The material, which converts ultrasound waves into optical signals that can be used to produce an image, is the result of a collaborative effort by Texas A&M Professor Vladislav Yakovlev and researchers from King's College London, The Queen's University of Belfast and the University of Massachusetts Lowell. Their findings appear in the current issue of "Advanced Materials."
The engineered material, known as a "metamaterial," offers significant advantages over conventional ultrasound technology, which generates images by converting ultrasound waves into electrical signals, Yakovlev explains. Although that technology has advanced throughout the years – think of the improvement in sonogram images – it is still largely constrained by bandwidth and sensitivity limitations, he says. These limitations, he adds, have been the chief obstacle when it comes to producing high-quality images that can serve as powerful diagnostic tools.
The metamaterial developed by Yakovlev and his colleagues is not subject to those limitations, primarily because it converts ultrasound waves into optical signals rather than electrical ones. The optical processing of the signal does not limit the bandwidth or sensitivity of the transducer (converter) – and that's important for producing highly detailed images, Yakovlev says.
"A high bandwidth allows you to sample the change of distance of the acoustic waves with a high precision," Yakovlev notes. "This translates into an image that shows greater detail. Greater sensitivity enables you to see deeper in tissue, suggesting we have the potential to generate images that might have previously not been possible with conventional ultrasound technology."

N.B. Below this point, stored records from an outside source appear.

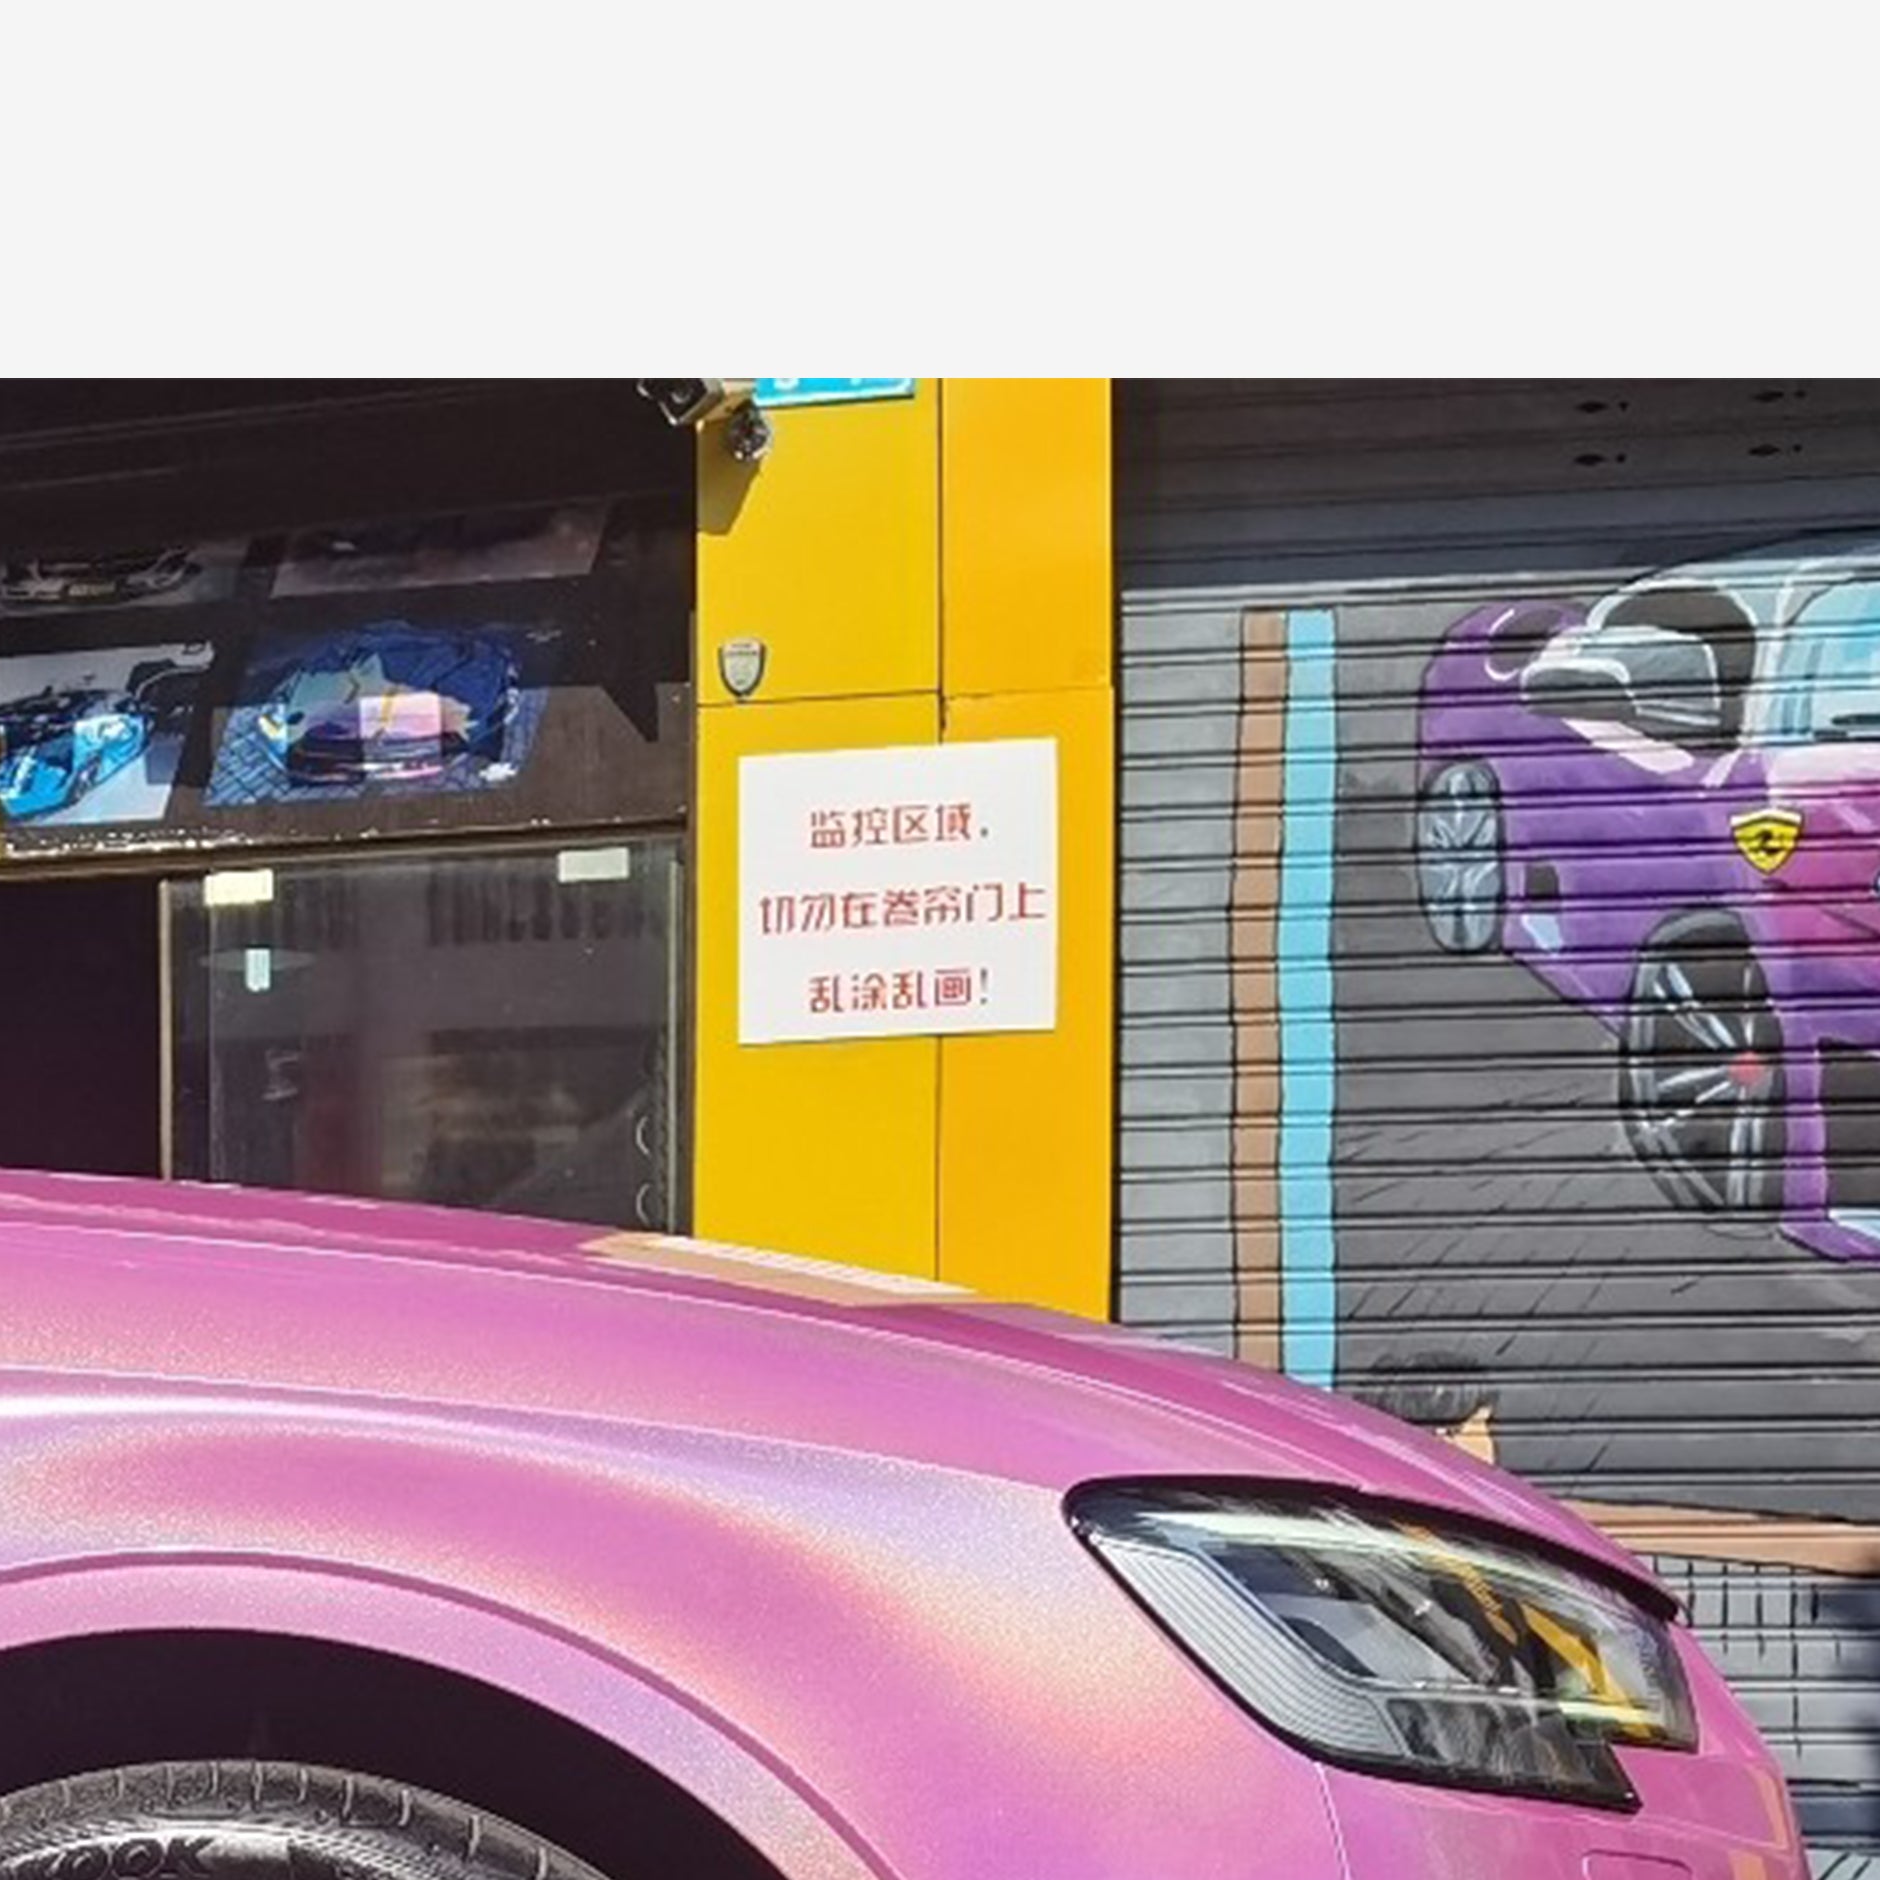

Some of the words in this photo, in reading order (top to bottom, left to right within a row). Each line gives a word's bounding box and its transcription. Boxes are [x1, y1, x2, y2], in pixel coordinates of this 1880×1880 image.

[758, 881, 1048, 935] 切勿在卷帘门上
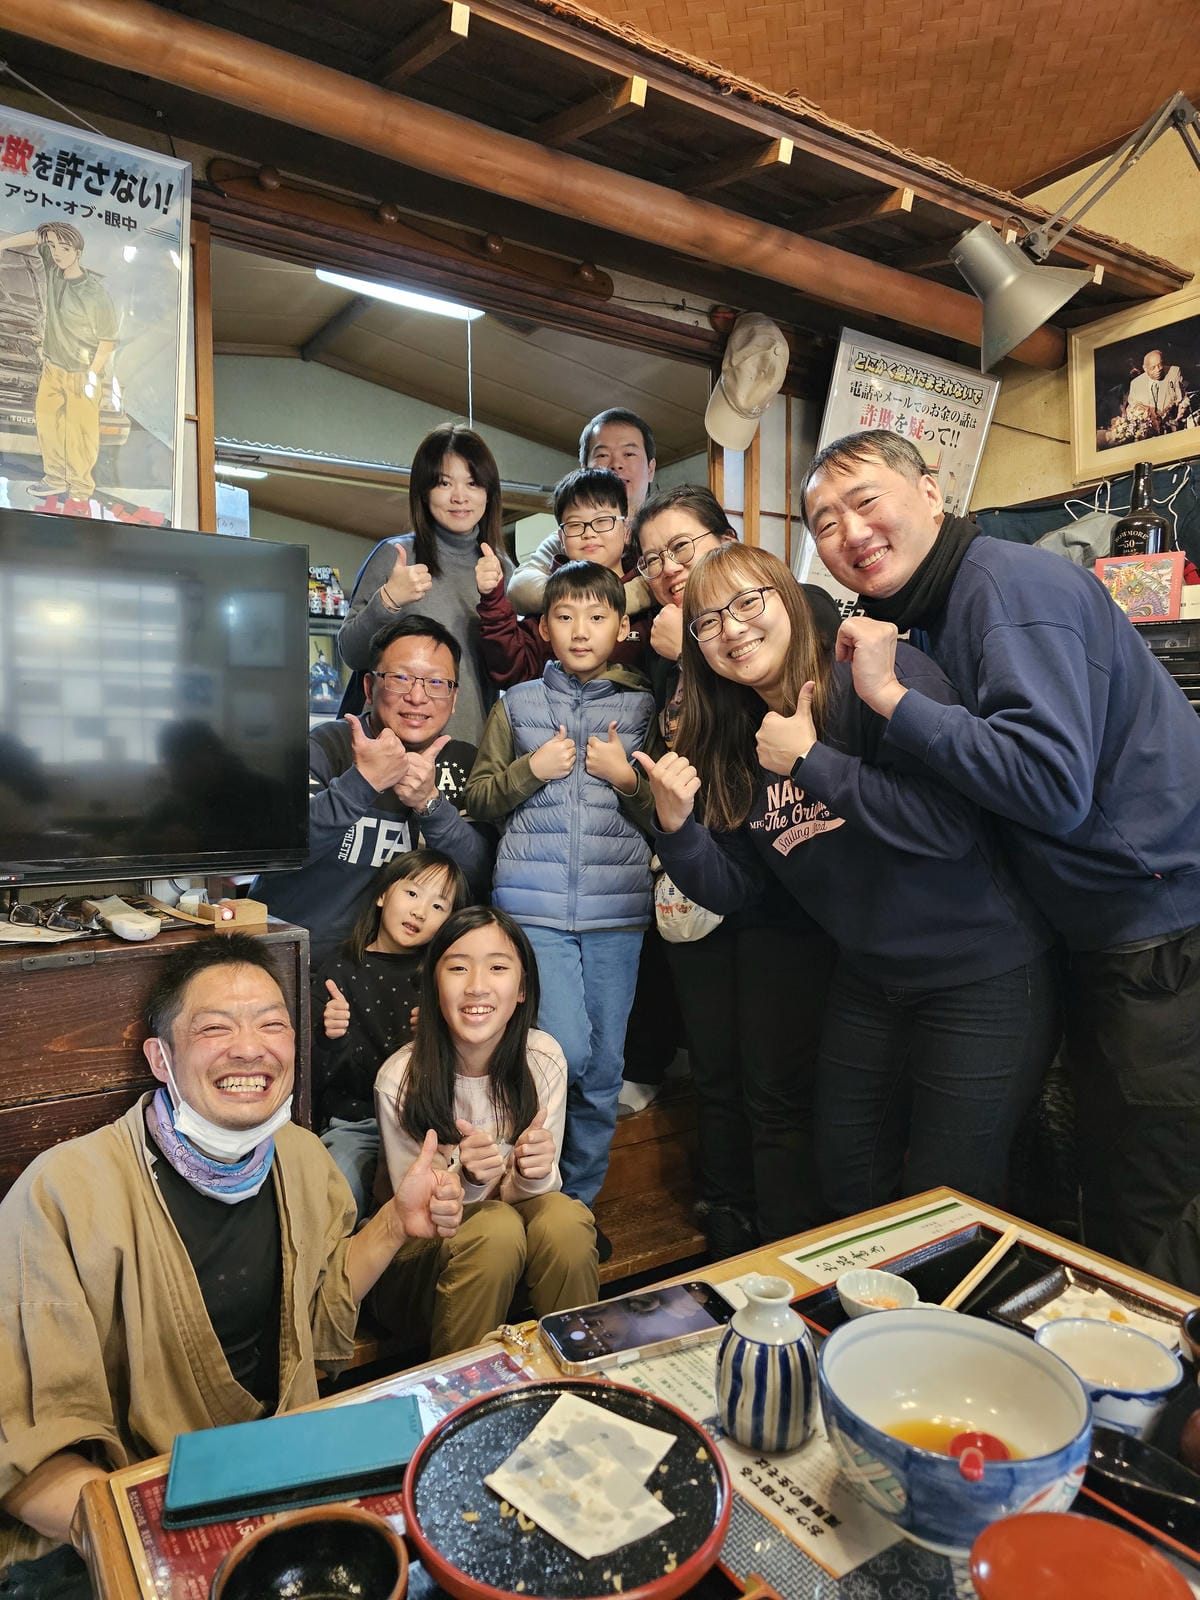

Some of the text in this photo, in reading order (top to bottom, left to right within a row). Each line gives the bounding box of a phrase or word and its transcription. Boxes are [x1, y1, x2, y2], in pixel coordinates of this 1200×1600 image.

[0, 134, 174, 215] 欺を許さない!
[4, 182, 138, 232] アウト・オブ・眼中
[854, 352, 984, 405] とにかく絶対だまされないで
[850, 380, 977, 429] 電話やメールでのお金の話は
[437, 767, 457, 791] A
[765, 809, 788, 832] The
[779, 826, 809, 852] Sailing

In other words, this new material may enable ultrasound devices to see what they haven't yet been able to see. That advancement could significantly bolster a technology that is employed in a variety of biomedical applications. In addition to being used for visualizing fetuses during routine and emergency care, ultrasound is used for diagnostic purposes in incidents of trauma and even as a means of breaking up tissue and accelerating the effects of drugs therapies.
While Yakovlev's research is not yet ready for integration into ultrasound technology, it has successfully demonstrated how conventional technology can be substantially improved by using the newly engineering material created by his team, he notes.
The material, he notes, consists of golden nanorods embedded in a polymer known as polypyrrole. An optical signal is sent into this material where it interacts with and is altered by incoming ultrasound waves before passing through the material. A detection device would then read the altered optical signal, analyzing the changes in its optical properties to process a higher resolution image, Yakovlev explains.
"We developed a material that would enable optical signal processing of ultrasound," Yakovlev says. "Nothing like this material exists in nature so we engineered a material that would provide the properties we needed. It has greater sensitivity and broader bandwidth. We can go from 0-150 MHz without sacrificing the sensitivity. Current technology typically experiences a substantial decline in sensitivity around 50 MHz.
"This metamaterial can efficiently convert an acoustic wave into an optical signal without limiting the bandwidth of the transducer, and its potential biomedical applications represent the first practical implementation of this metamaterial."